Cardenales v Queens-Long Is. Med. Group, P.C.
2005 NY Slip Op 04174 [18 AD3d 689]
May 23, 2005
Appellate Division, Second Department
Published by New York State Law Reporting Bureau pursuant to Judiciary Law § 431.
As corrected through Wednesday, July 20, 2005


Felipe Cardenales et al., Appellants,
v
Queens-Long Island Medical Group, P.C., et al., Defendants, and Donald Nicolardi et al., Respondents.

[*1]

In an action to recover damages for medical malpractice and wrongful death, etc., the plaintiffs appeal, as limited by their brief, from so much of an order of the Supreme Court, Queens County (Grays, J.), dated October 29, 2003, as granted the motion of the defendant Liviu Schapira for summary judgment dismissing the complaint insofar as asserted against him as time-barred and granted the motion of the defendant Donald Nicolardi for summary judgment dismissing so much of the complaint as asserted claims against him for treatment he rendered before January 9, 1999, as time-barred.

Ordered that the order is reversed insofar as appealed from, on the law, with costs, the motions are denied, and the complaint is reinstated against the defendant Liviu Schapira, and so much of the complaint as asserted claims against the defendant Donald Nicolardi for treatment he rendered before January 9, 1999, is reinstated.

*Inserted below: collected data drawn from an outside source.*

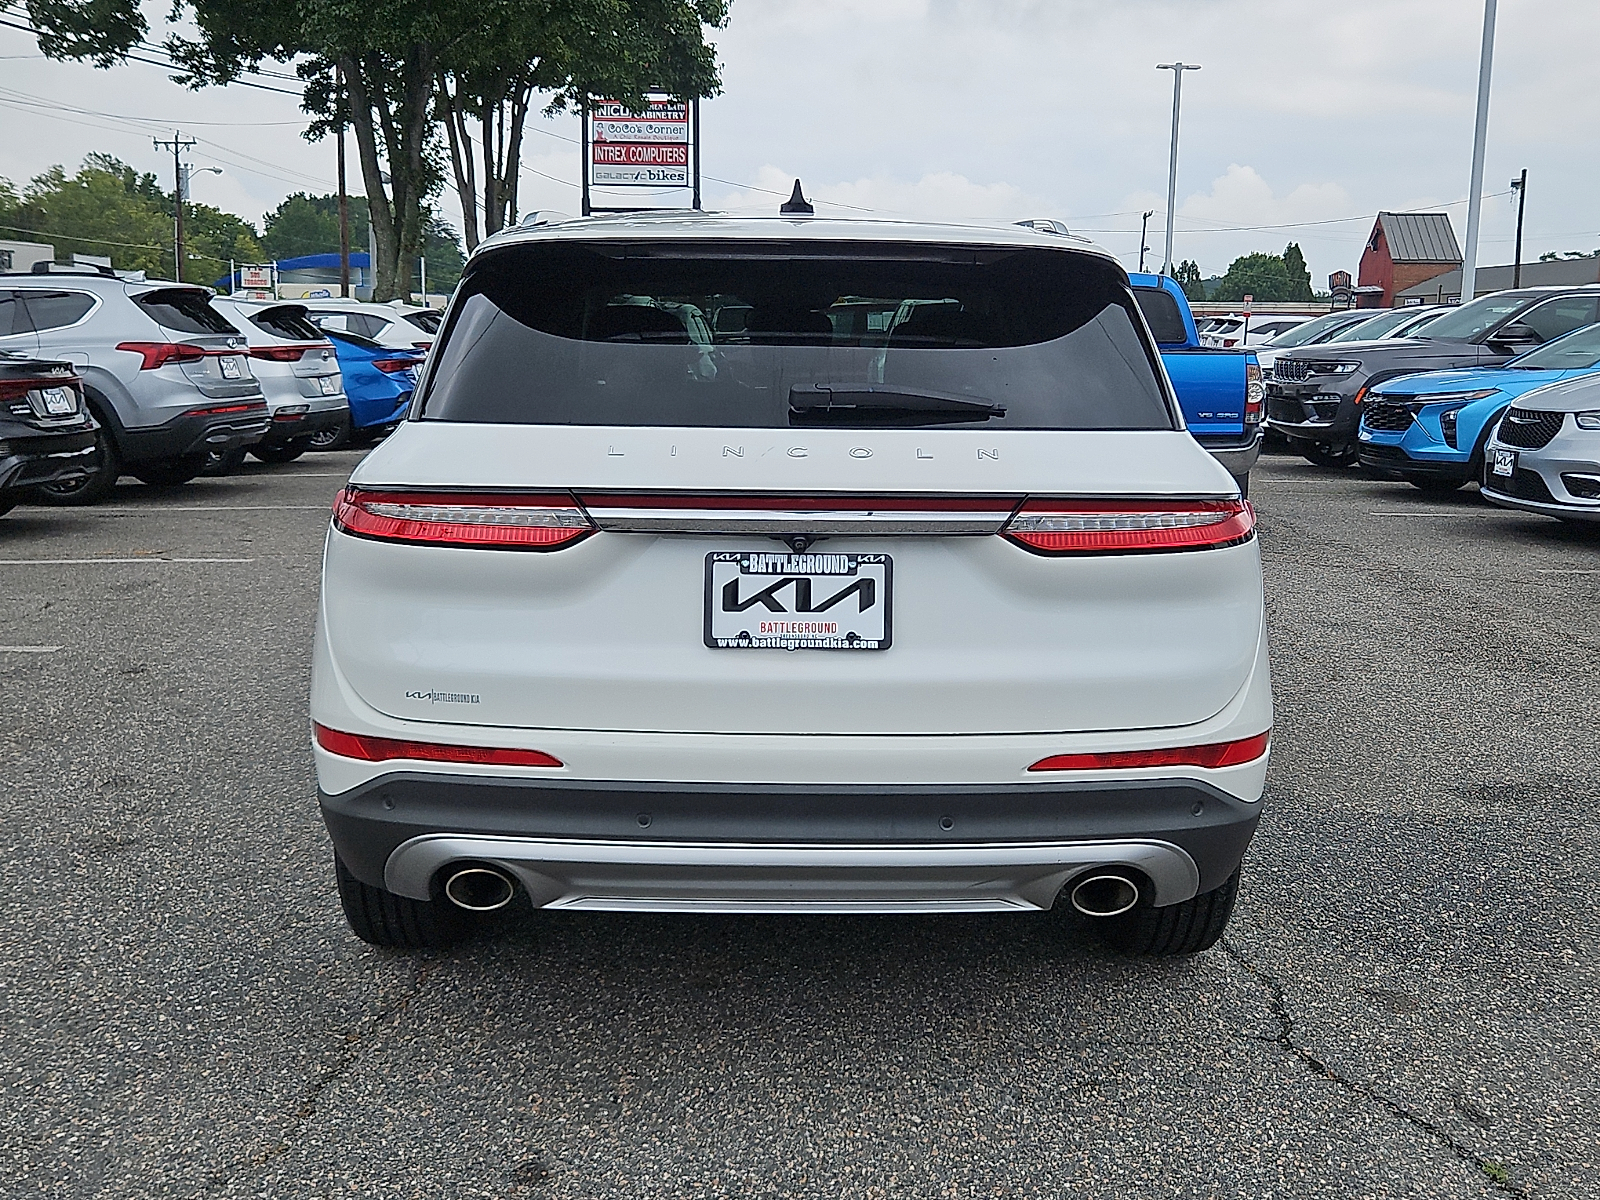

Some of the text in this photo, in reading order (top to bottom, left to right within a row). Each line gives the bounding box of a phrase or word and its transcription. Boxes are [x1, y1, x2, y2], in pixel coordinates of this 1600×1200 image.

[646, 124, 684, 134] Corner
[594, 146, 686, 163] INTREX COMPUTERS
[647, 169, 685, 181] bikes
[607, 445, 1000, 461] LINCOLN
[749, 553, 849, 574] BATTLEGROUND
[857, 554, 885, 562] KIA
[722, 577, 876, 614] KIA
[760, 621, 837, 634] BATTLEGROUND
[717, 637, 879, 650] www.battlegroundkia.com
[405, 691, 432, 699] KIA
[433, 692, 470, 703] BATTLEGROUND

The plaintiffs commenced this action in July 2001 to recover damages for medical malpractice and wrongful death after the plaintiffs' decedent, Aurelia Cardenales, allegedly died as the result of negligent medical care in the diagnosis and treatment of colon cancer. The defendant [*2]Liviu Schapira, one of the doctors who treated her, moved for summary judgment dismissing the complaint insofar as asserted against him as time-barred. Schapira argued that he had not treated the decedent within the relevant period of limitation (see CPLR 214-a). The defendant Donald Nicolardi, another doctor who treated the decedent, also moved for summary judgment dismissing so much of the complaint as asserted claims against him for treatment he rendered before January 9, 1999. Nicolardi treated the decedent before and during the relevant period of limitation, but argued that his treatment was not continuous. The Supreme Court granted the motions. We reverse.

For all relevant periods up until the time of her death, the decedent was under the care and treatment of the defendant Queens-Long Island Medical Group, P.C. (hereinafter the Medical Group). There existed a relationship between Schapira and the Medical Group, and Nicolardi and the Medical Group, such that the continuous treatment of the decedent by the Medical Group serves as a basis for tolling the statute of limitations as to those defendants (see McDermott v Torre, 56 NY2d 399 [1982]; Kimiatek v Post, 240 AD2d 372 [1997]; Watkins v Fromm, 108 AD2d 233 [1985]). Thus, their respective motions should have been denied. Prudenti, P.J., S. Miller, Ritter and Goldstein, JJ., concur.